• Work request: Your answer must be the exact lines from the one holding "Some of the text" through the final line of the records below, both included, and nothing more.

.....

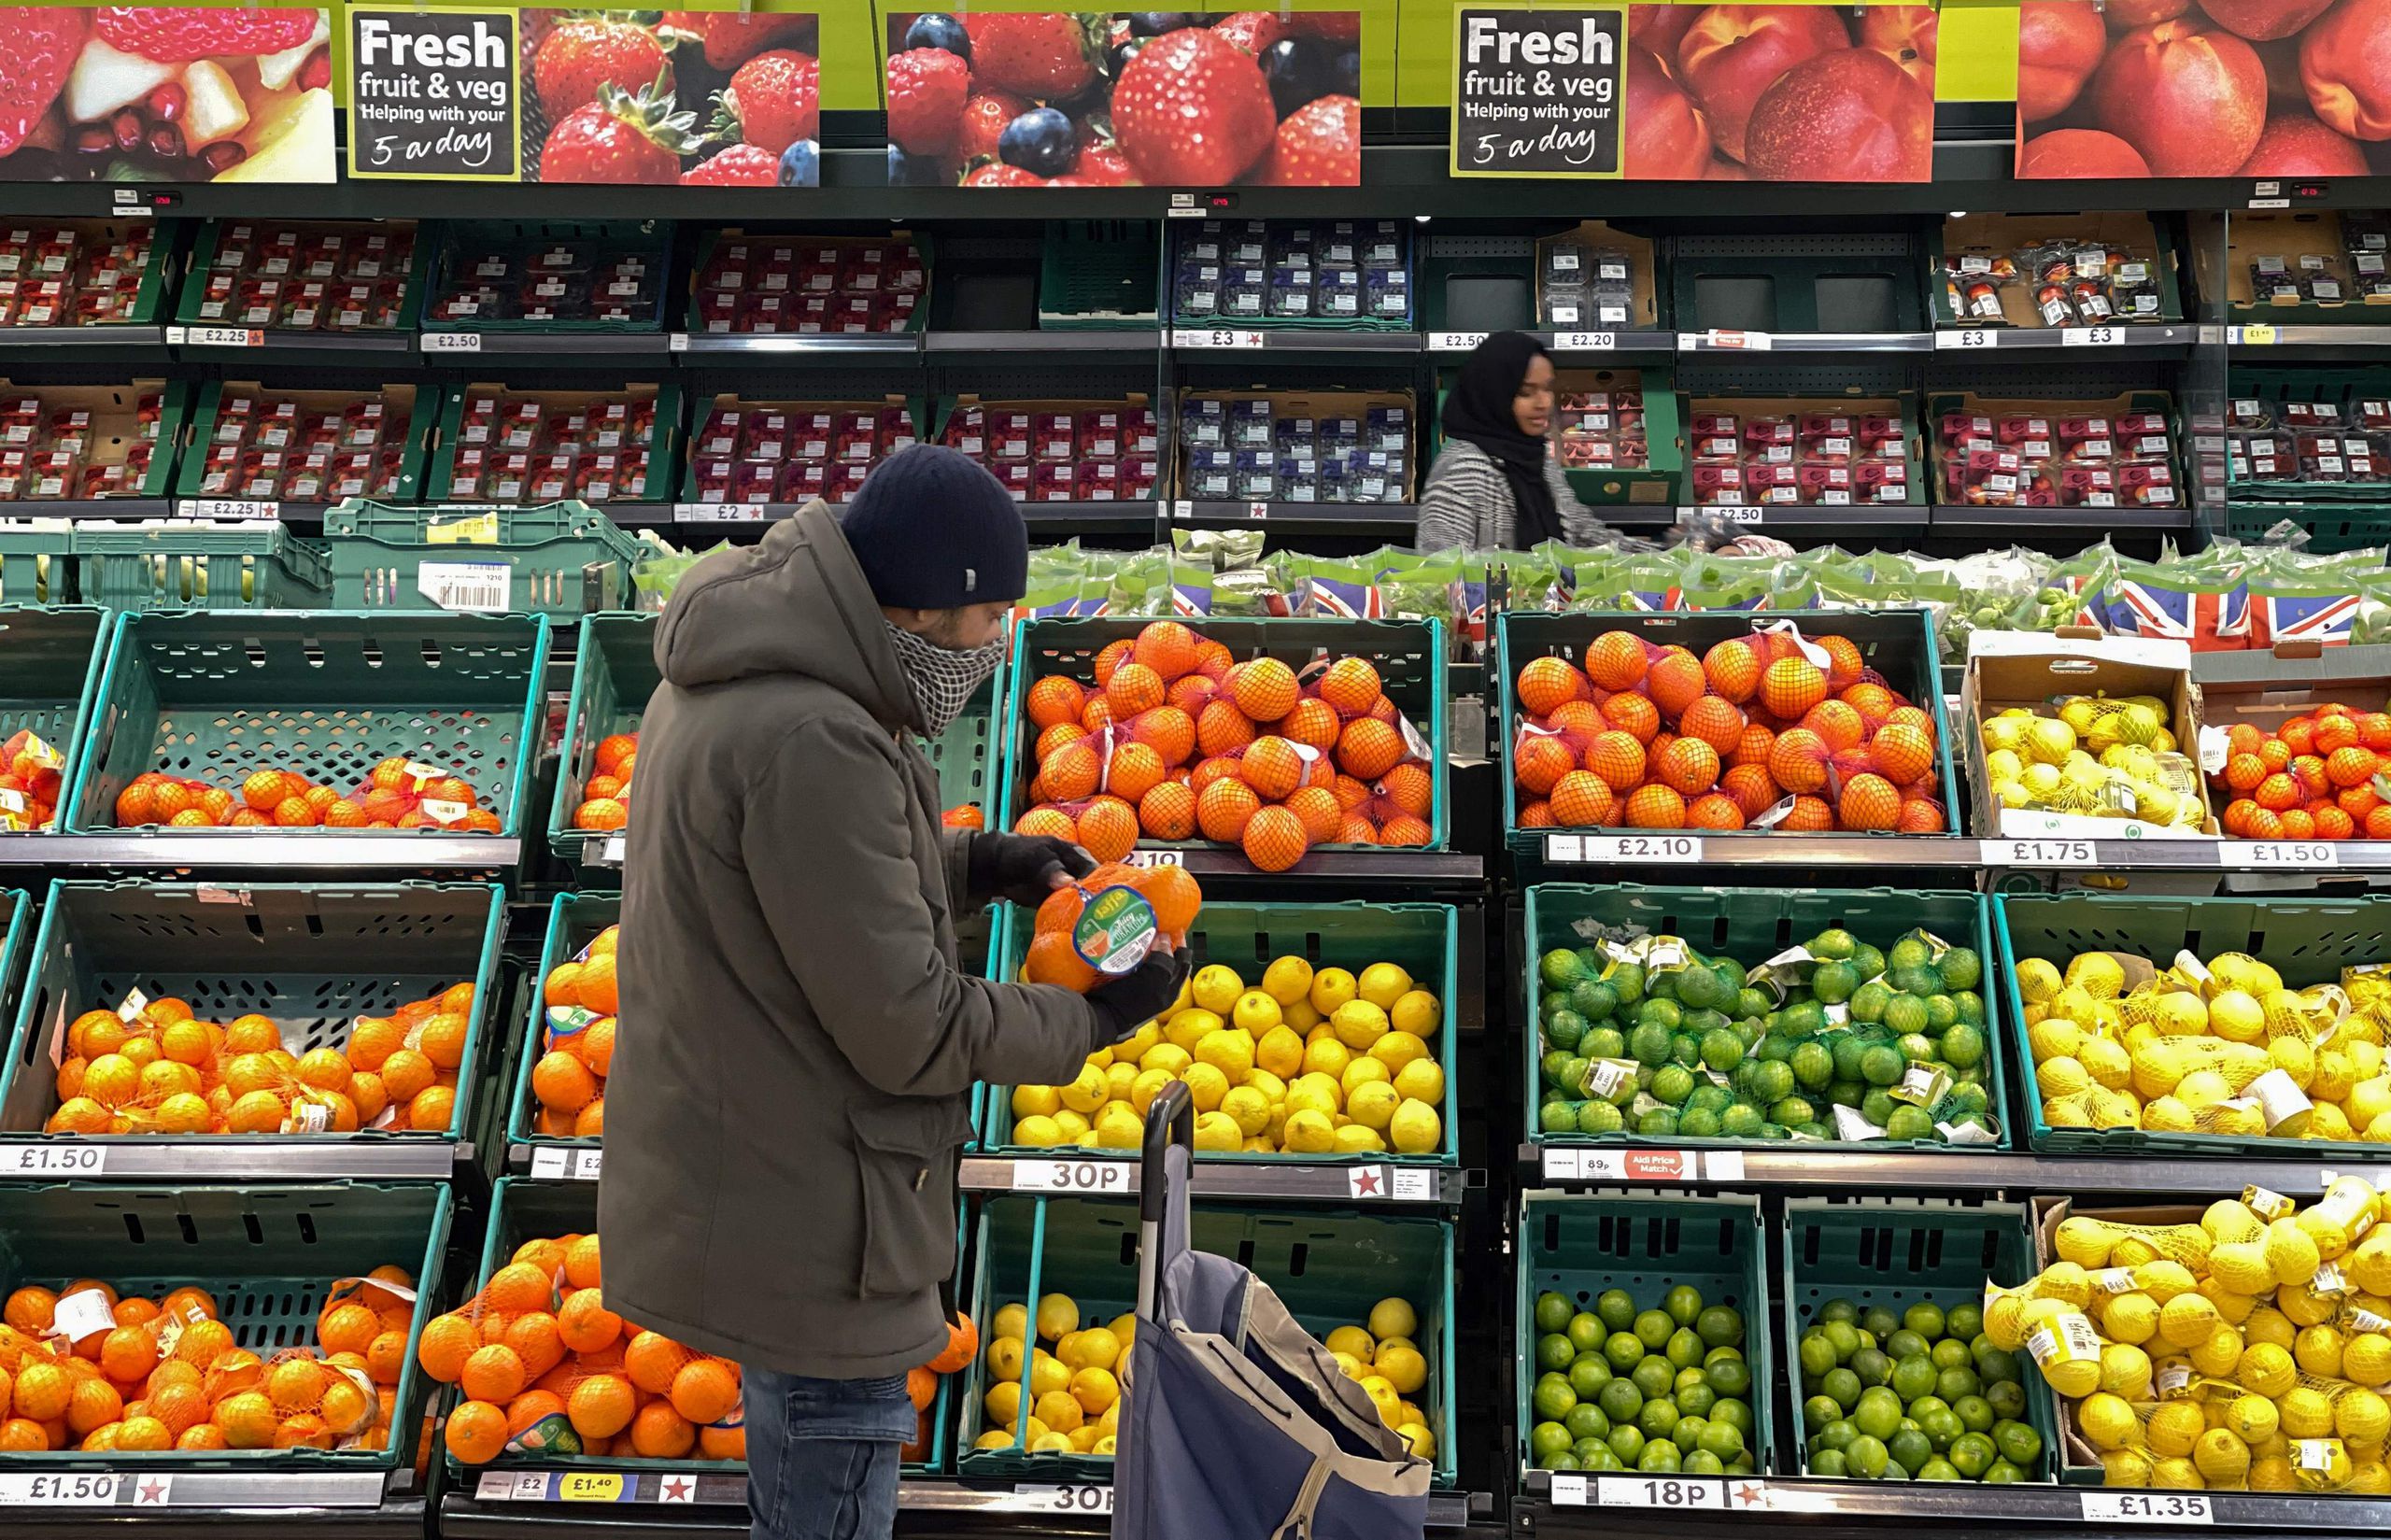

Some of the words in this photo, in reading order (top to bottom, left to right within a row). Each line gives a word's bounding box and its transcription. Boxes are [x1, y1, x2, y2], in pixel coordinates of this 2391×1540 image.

[360, 19, 505, 68] Fresh
[1467, 17, 1613, 64] Fresh
[359, 71, 421, 97] fruit
[427, 72, 450, 99] &
[456, 80, 506, 106] veg
[1464, 70, 1526, 95] fruit
[1533, 70, 1555, 96] &
[1563, 78, 1613, 103] veg
[361, 104, 424, 123] Helping
[428, 106, 464, 121] with
[468, 109, 505, 125] your
[1465, 103, 1528, 121] Helping
[1533, 103, 1568, 119] with
[1573, 106, 1610, 122] your
[371, 135, 399, 165] 5
[405, 141, 432, 160] a
[435, 126, 492, 167] day
[1473, 134, 1502, 163] 5
[1508, 138, 1535, 158] a
[1538, 123, 1595, 164] day
[205, 330, 246, 343] £2.25
[438, 335, 478, 346] £2.50
[1211, 331, 1234, 346] £3
[1446, 335, 1485, 346] £2.50
[1572, 334, 1611, 346] £2.20
[1961, 331, 1984, 346] £3
[2089, 328, 2112, 344] £3
[213, 502, 254, 515] £2.25
[717, 504, 739, 520] £2
[1719, 509, 1759, 520] £2.50
[1618, 838, 1691, 855] £2.10
[2013, 842, 2089, 860] £1.75
[2253, 845, 2330, 861] £1.50
[1123, 853, 1177, 867] 2.10
[20, 1148, 98, 1169] £1.50
[1588, 1160, 1609, 1170] 89p
[1652, 1156, 1675, 1165] Price
[30, 1476, 112, 1498] £1.50
[522, 1478, 541, 1490] £2
[573, 1478, 612, 1491] £1.40
[1644, 1480, 1705, 1505] 18p
[2119, 1495, 2205, 1516] £1.35
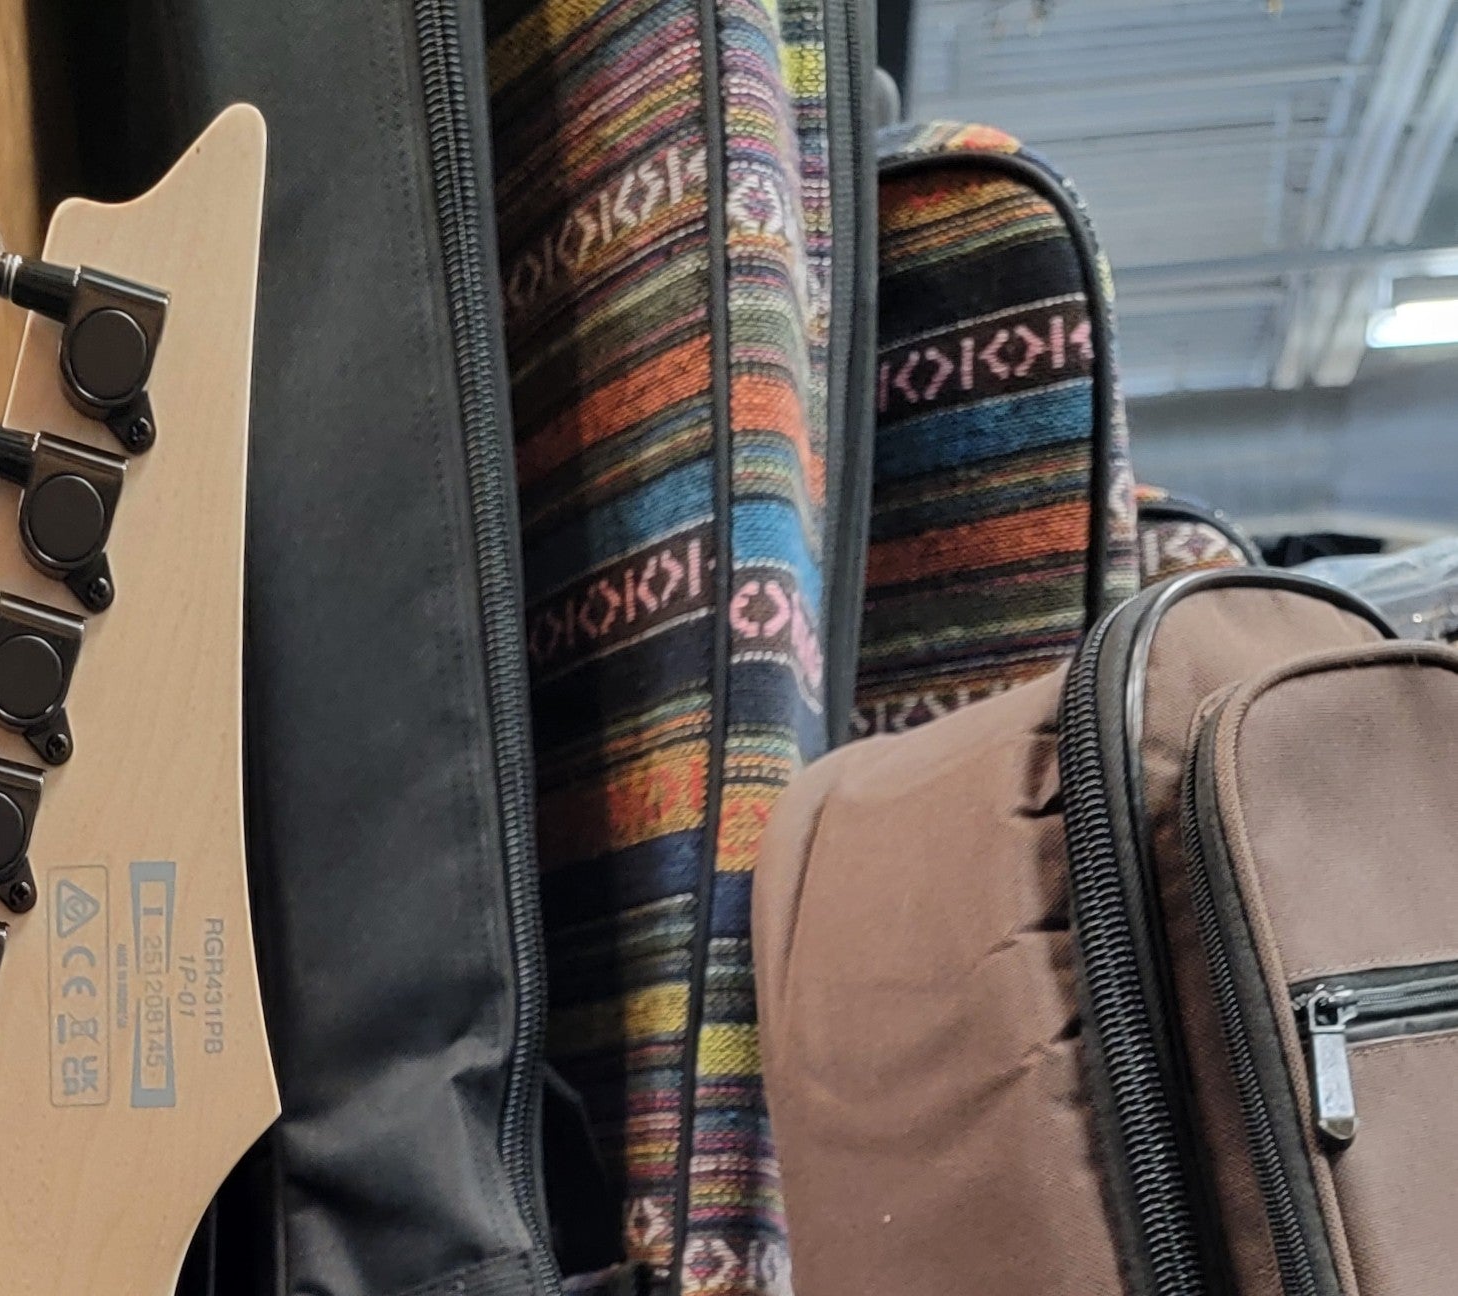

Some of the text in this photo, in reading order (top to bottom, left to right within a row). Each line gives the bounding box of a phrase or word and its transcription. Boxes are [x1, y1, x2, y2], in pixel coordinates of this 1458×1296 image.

[142, 934, 165, 1069] 251208145
[178, 954, 198, 1019] 1P-01
[203, 917, 225, 1055] RGR431PB

.....

• Solution:
Some of the text in this photo, in reading order (top to bottom, left to right within a row). Each line gives the bounding box of a phrase or word and its transcription. Boxes are [x1, y1, x2, y2], in pixel coordinates of this 1458×1296 image.

[142, 934, 165, 1069] 251208145
[178, 954, 198, 1019] 1P-01
[203, 917, 225, 1055] RGR431PB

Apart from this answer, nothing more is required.